### TASK TO COMPLETE
As you print the data below, keep every line exactly as it is and leave the images behind.

[Spatial localization data]
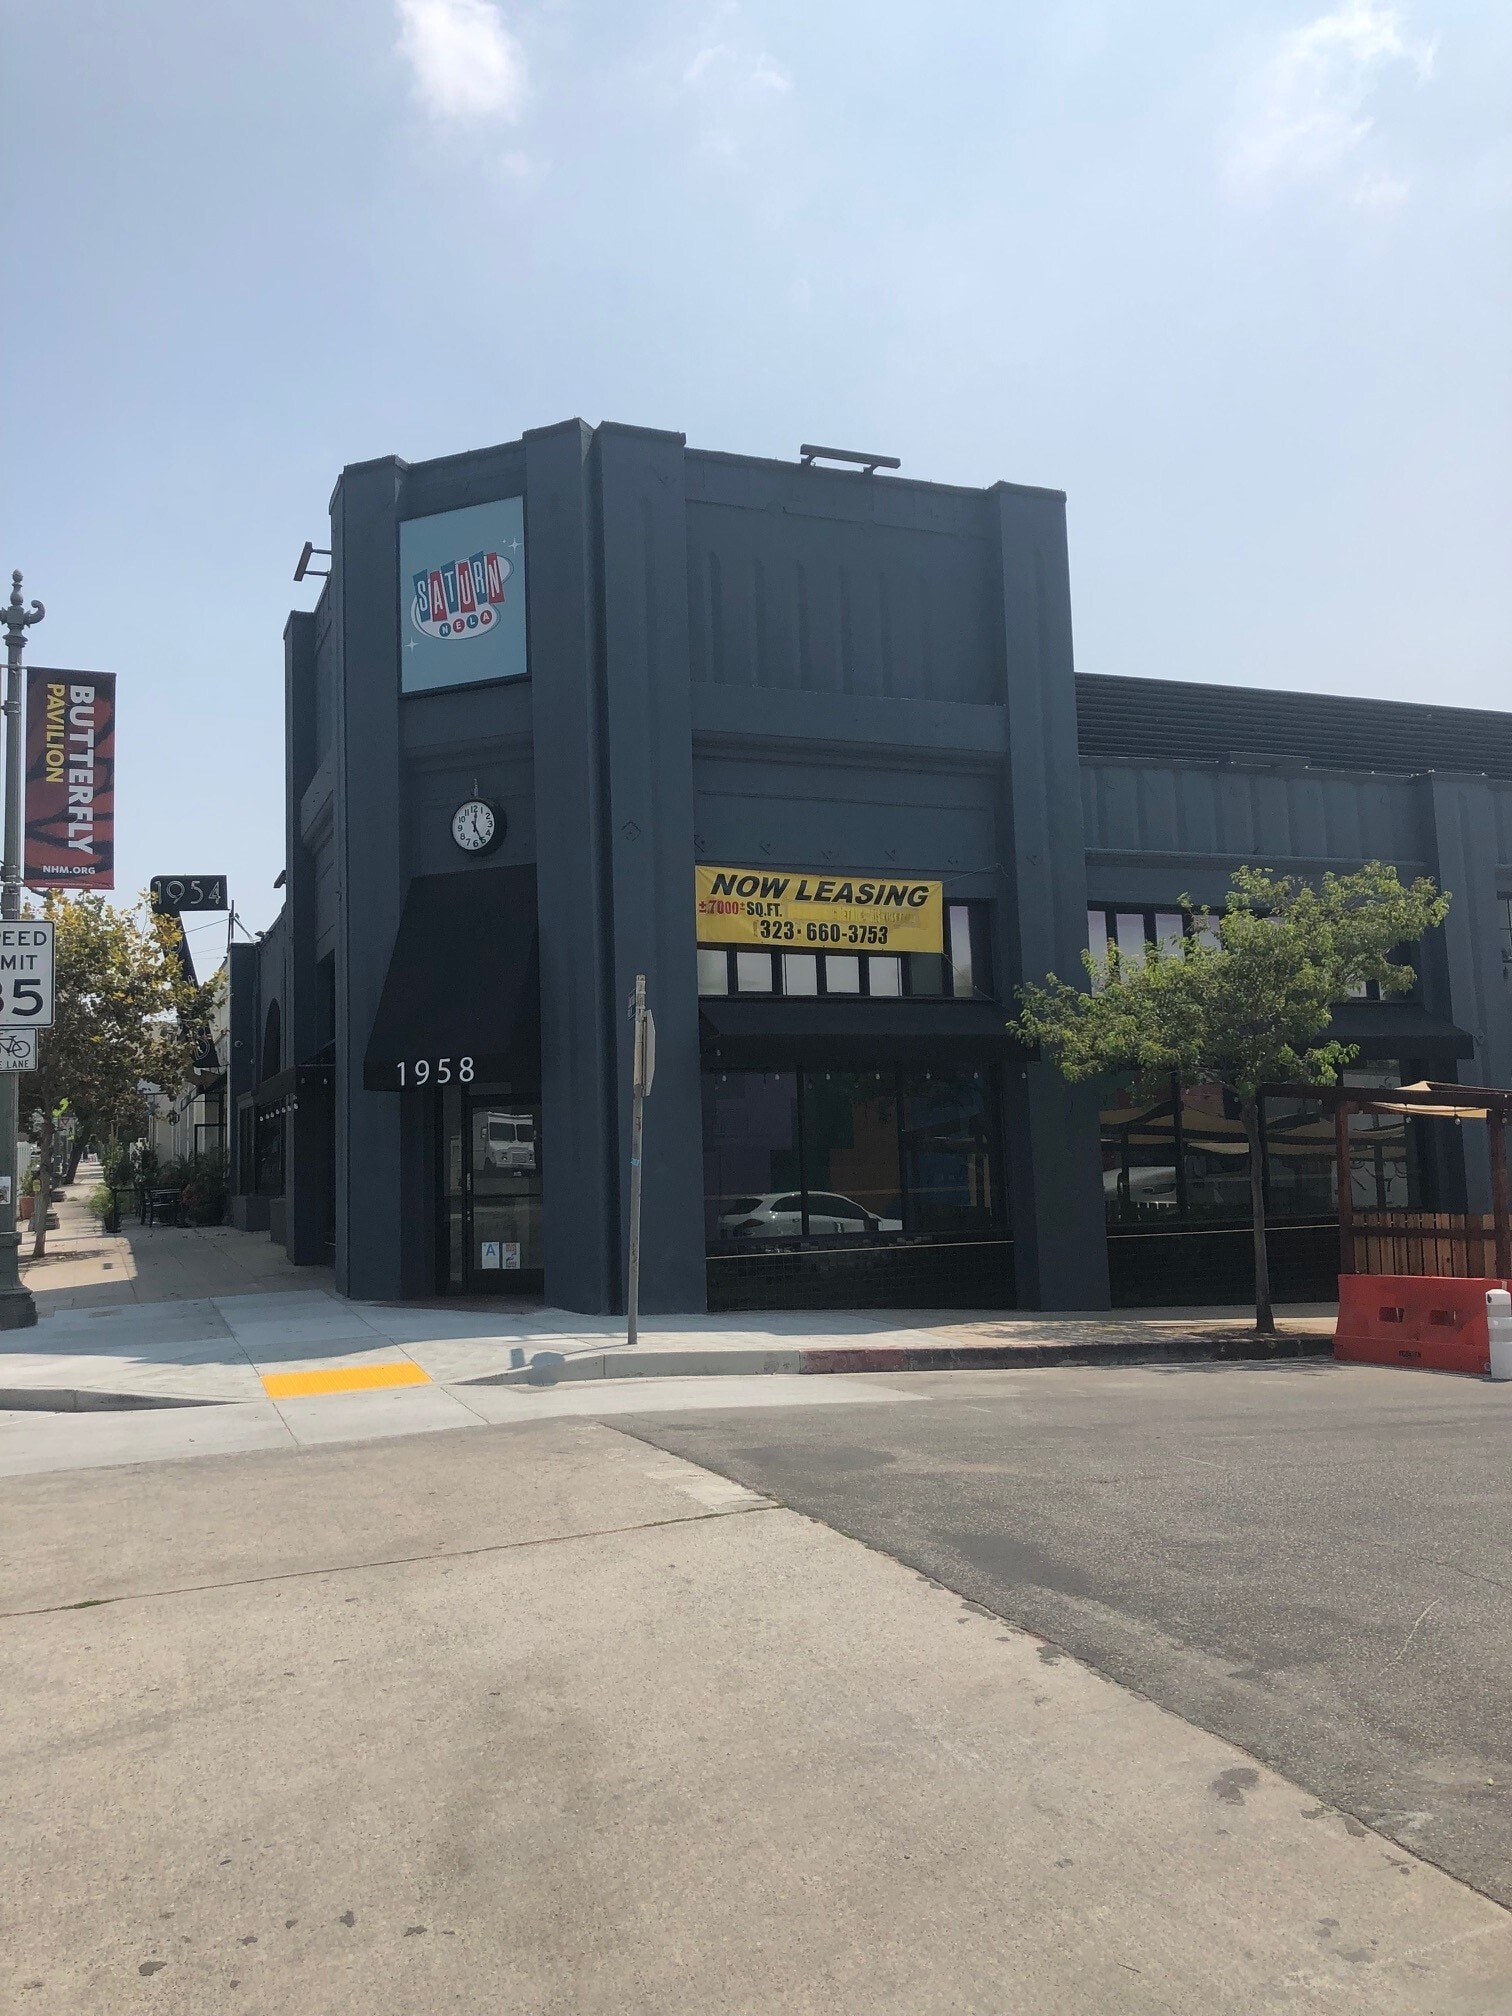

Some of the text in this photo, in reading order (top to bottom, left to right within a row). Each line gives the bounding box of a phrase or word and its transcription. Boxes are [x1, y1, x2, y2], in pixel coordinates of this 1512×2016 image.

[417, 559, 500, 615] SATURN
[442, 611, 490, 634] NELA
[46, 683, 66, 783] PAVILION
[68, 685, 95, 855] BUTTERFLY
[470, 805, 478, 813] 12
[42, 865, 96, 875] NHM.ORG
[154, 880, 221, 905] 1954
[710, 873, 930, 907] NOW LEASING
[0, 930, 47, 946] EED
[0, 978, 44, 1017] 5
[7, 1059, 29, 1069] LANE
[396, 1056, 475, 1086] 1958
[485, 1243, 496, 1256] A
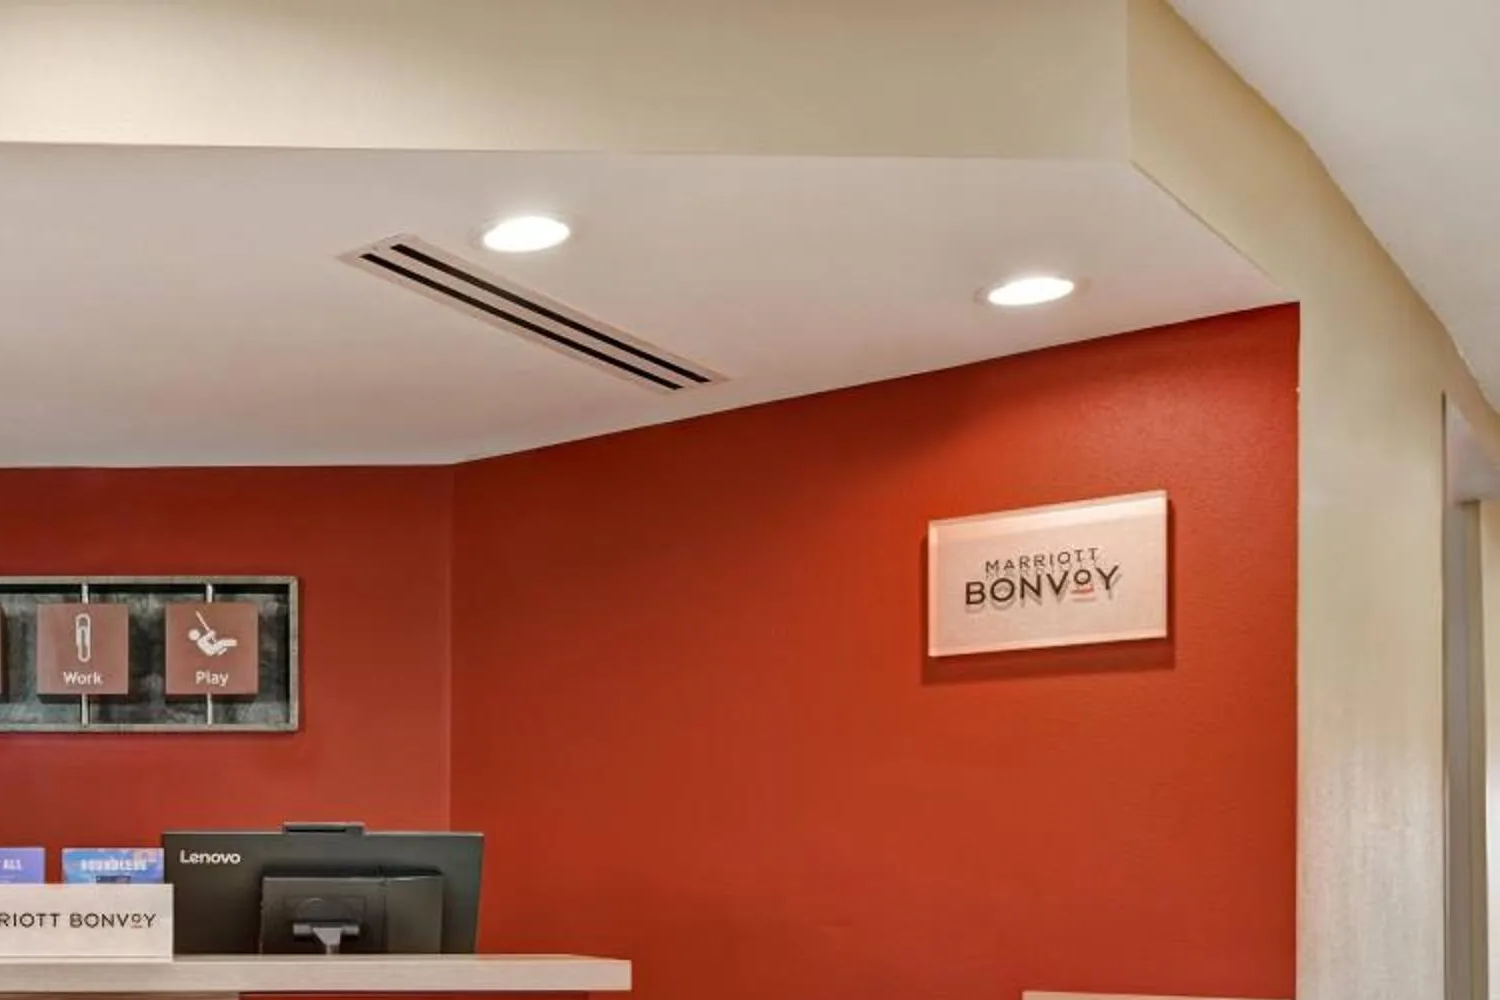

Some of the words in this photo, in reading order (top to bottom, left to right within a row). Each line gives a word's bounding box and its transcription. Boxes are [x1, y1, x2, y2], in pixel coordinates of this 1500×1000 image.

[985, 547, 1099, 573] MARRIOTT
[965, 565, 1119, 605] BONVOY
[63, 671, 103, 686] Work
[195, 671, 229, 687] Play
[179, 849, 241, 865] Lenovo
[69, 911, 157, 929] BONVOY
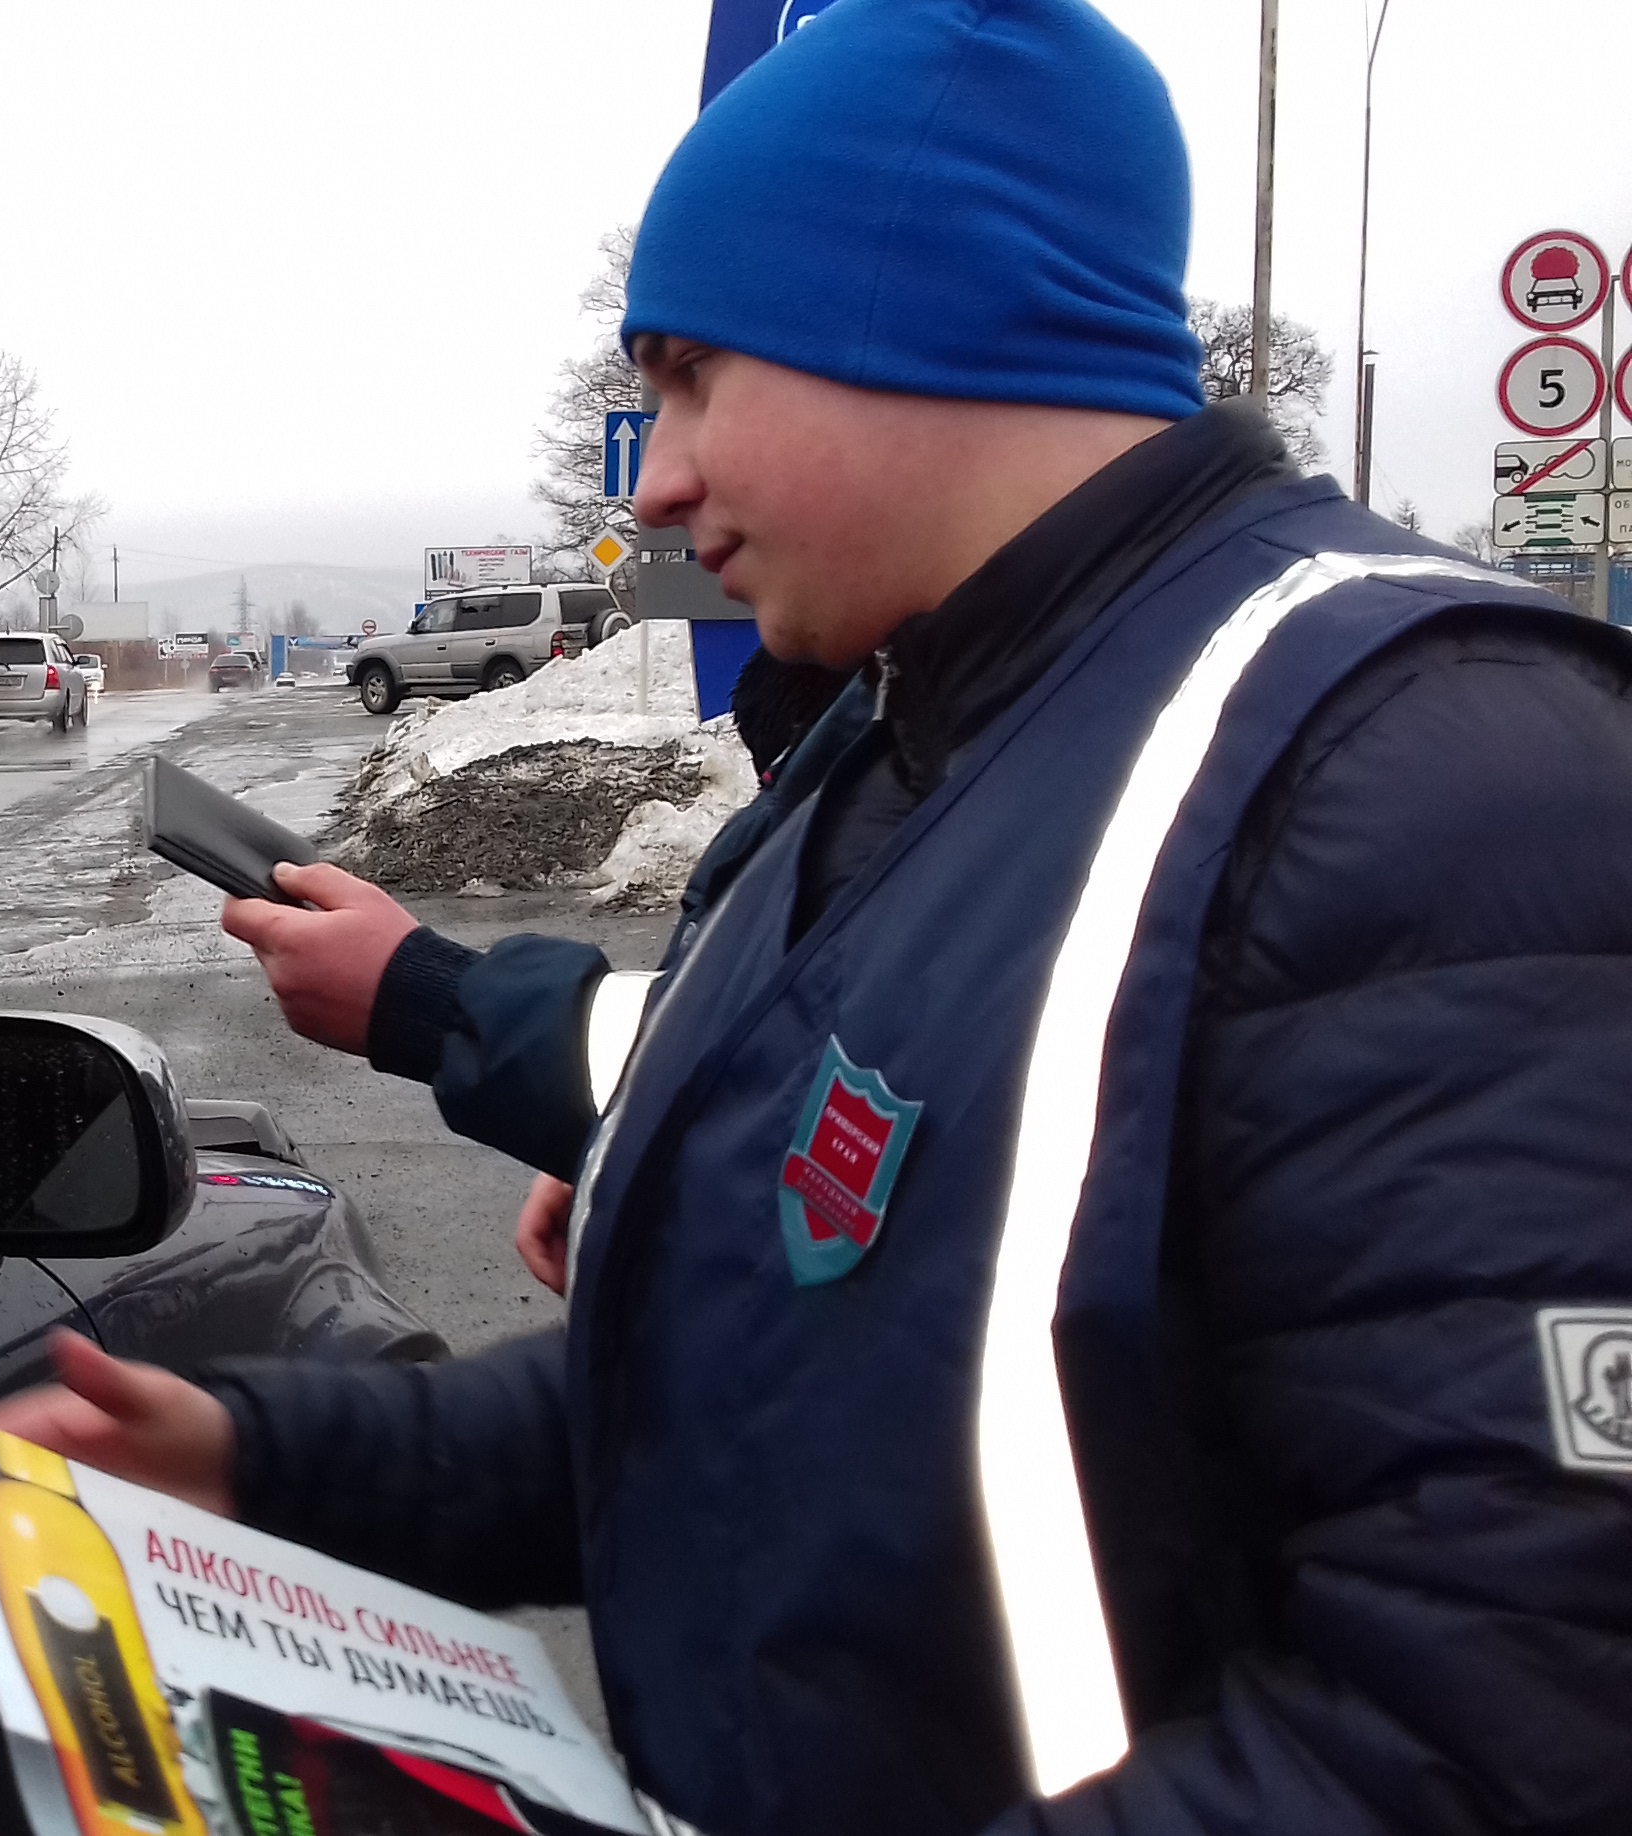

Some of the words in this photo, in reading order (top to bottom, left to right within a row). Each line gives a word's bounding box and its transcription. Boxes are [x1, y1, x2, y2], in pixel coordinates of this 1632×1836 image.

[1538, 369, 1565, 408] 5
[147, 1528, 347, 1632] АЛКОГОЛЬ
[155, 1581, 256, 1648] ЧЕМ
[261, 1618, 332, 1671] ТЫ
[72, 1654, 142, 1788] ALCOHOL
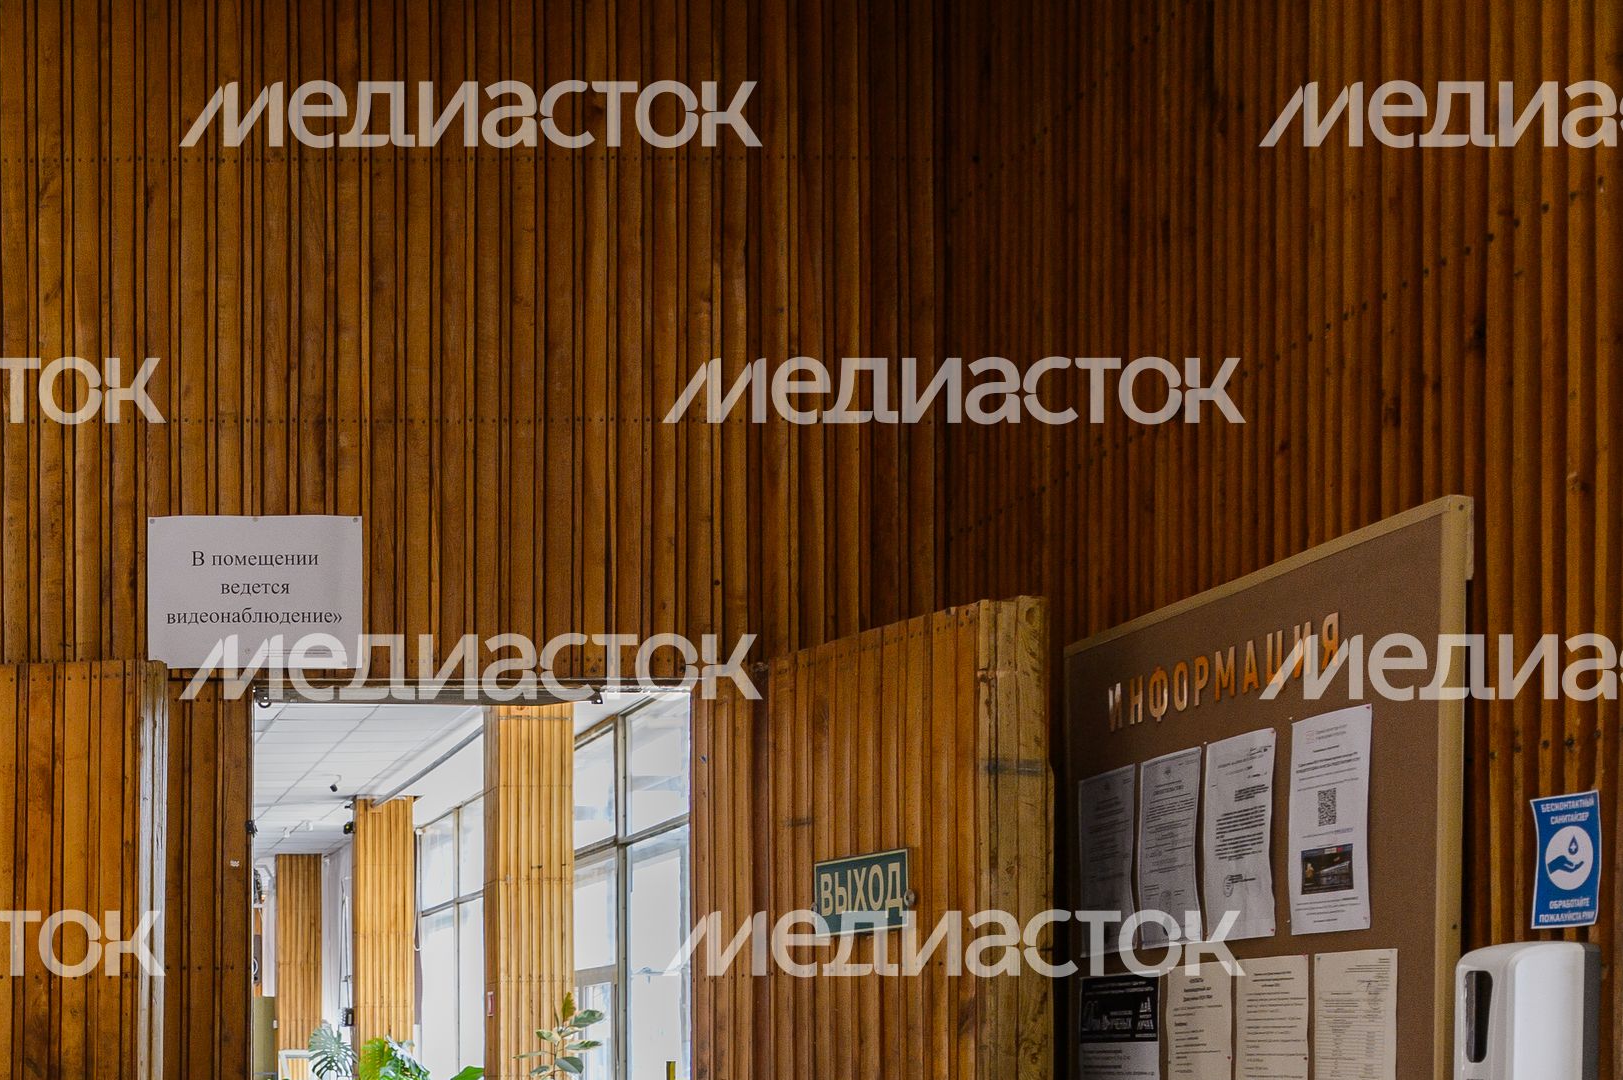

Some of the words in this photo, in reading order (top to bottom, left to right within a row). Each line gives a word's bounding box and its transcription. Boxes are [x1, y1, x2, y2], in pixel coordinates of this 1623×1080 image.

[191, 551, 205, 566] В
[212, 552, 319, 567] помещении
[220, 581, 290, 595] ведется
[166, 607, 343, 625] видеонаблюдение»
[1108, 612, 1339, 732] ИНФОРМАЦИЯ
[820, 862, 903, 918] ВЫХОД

### ANSWER BOX
Some of the text in this photo, in reading order (top to bottom, left to right within a row). Each line gives the bounding box of a phrase or word and its transcription. Boxes are [x1, y1, x2, y2], in pixel coordinates of this 1512×2016 image.

[417, 559, 500, 615] SATURN
[442, 611, 490, 634] NELA
[46, 683, 66, 783] PAVILION
[68, 685, 95, 855] BUTTERFLY
[470, 805, 478, 813] 12
[42, 865, 96, 875] NHM.ORG
[154, 880, 221, 905] 1954
[710, 873, 930, 907] NOW LEASING
[0, 930, 47, 946] EED
[0, 978, 44, 1017] 5
[7, 1059, 29, 1069] LANE
[396, 1056, 475, 1086] 1958
[485, 1243, 496, 1256] A

Some of the words in this photo, in reading order (top to bottom, left to right within a row). Each line gives a word's bounding box and its transcription. Boxes are [x1, y1, x2, y2], in pixel coordinates of this 1500×1000 image.

[985, 547, 1099, 573] MARRIOTT
[965, 565, 1119, 605] BONVOY
[63, 671, 103, 686] Work
[195, 671, 229, 687] Play
[179, 849, 241, 865] Lenovo
[69, 911, 157, 929] BONVOY

Some of the words in this photo, in reading order (top to bottom, left to right within a row). Each line gives a word's bounding box and its transcription. Boxes are [x1, y1, x2, y2], in pixel coordinates of this 1632×1836 image.

[1538, 369, 1565, 408] 5
[147, 1528, 347, 1632] АЛКОГОЛЬ
[155, 1581, 256, 1648] ЧЕМ
[261, 1618, 332, 1671] ТЫ
[72, 1654, 142, 1788] ALCOHOL

Some of the words in this photo, in reading order (top to bottom, left to right within a row). Each line gives a word's bounding box and its transcription. Boxes are [x1, y1, x2, y2], in pixel coordinates of this 1623×1080 image.

[191, 551, 205, 566] В
[212, 552, 319, 567] помещении
[220, 581, 290, 595] ведется
[166, 607, 343, 625] видеонаблюдение»
[1108, 612, 1339, 732] ИНФОРМАЦИЯ
[820, 862, 903, 918] ВЫХОД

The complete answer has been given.